▸ Exercise objective
In your copy, reproduce the entries exactly as they are, minus the images.

▸ Extracted data
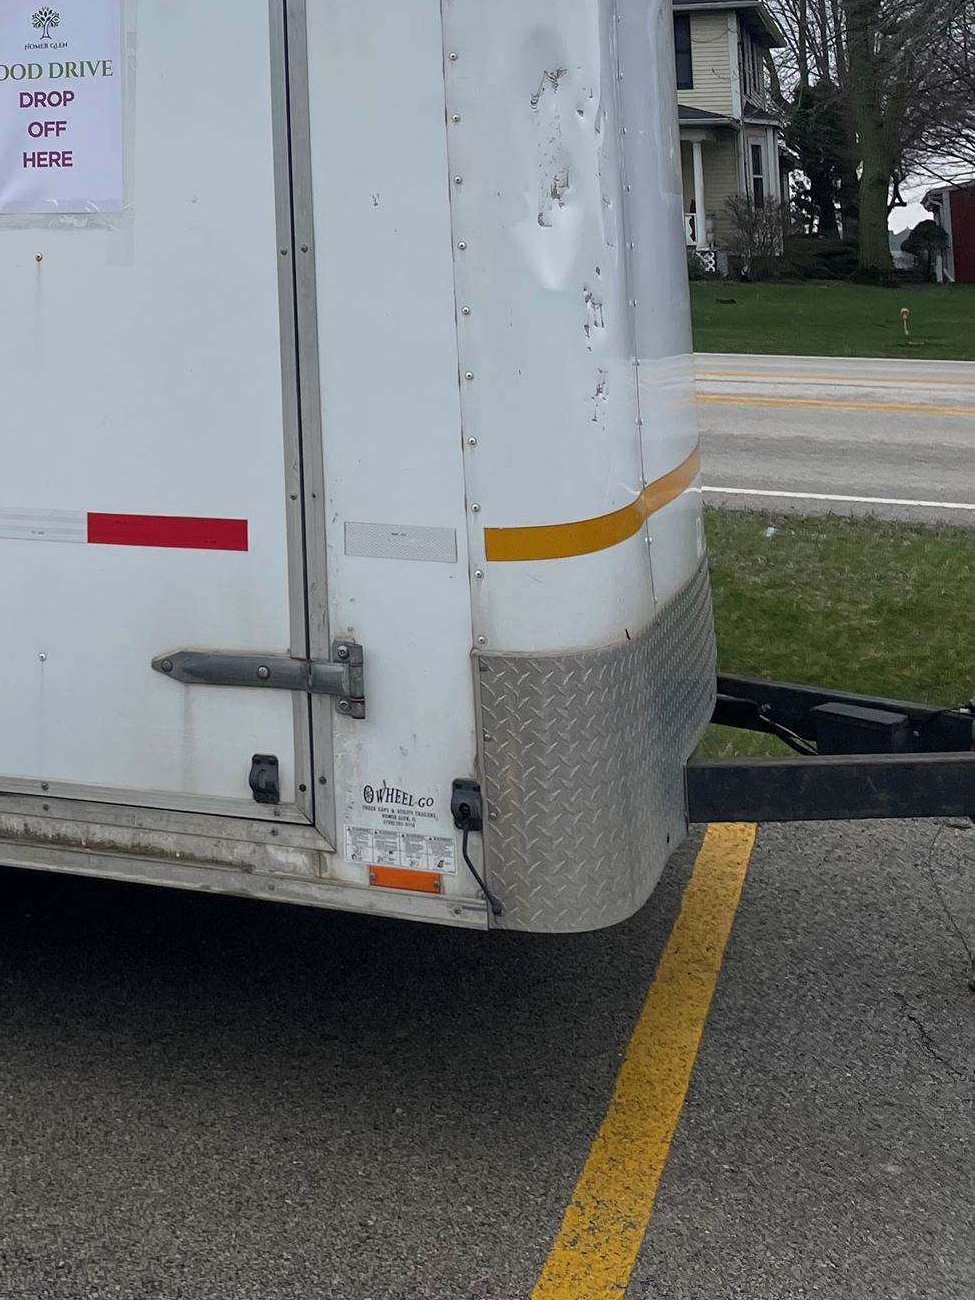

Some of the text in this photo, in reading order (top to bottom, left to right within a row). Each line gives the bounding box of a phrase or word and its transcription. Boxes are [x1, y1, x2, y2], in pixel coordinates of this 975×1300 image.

[24, 41, 68, 51] HOMER GLEN
[48, 59, 113, 79] DRIVE
[19, 90, 75, 108] DROP
[27, 120, 67, 138] OFF
[22, 150, 74, 168] HERE

▸ Written answer
Some of the text in this photo, in reading order (top to bottom, left to right within a row). Each line gives the bounding box of a phrase or word and its transcription. Boxes are [x1, y1, x2, y2], in pixel coordinates of this 975×1300 image.

[24, 41, 68, 51] HOMER GLEN
[48, 59, 113, 79] DRIVE
[19, 90, 75, 108] DROP
[27, 120, 67, 138] OFF
[22, 150, 74, 168] HERE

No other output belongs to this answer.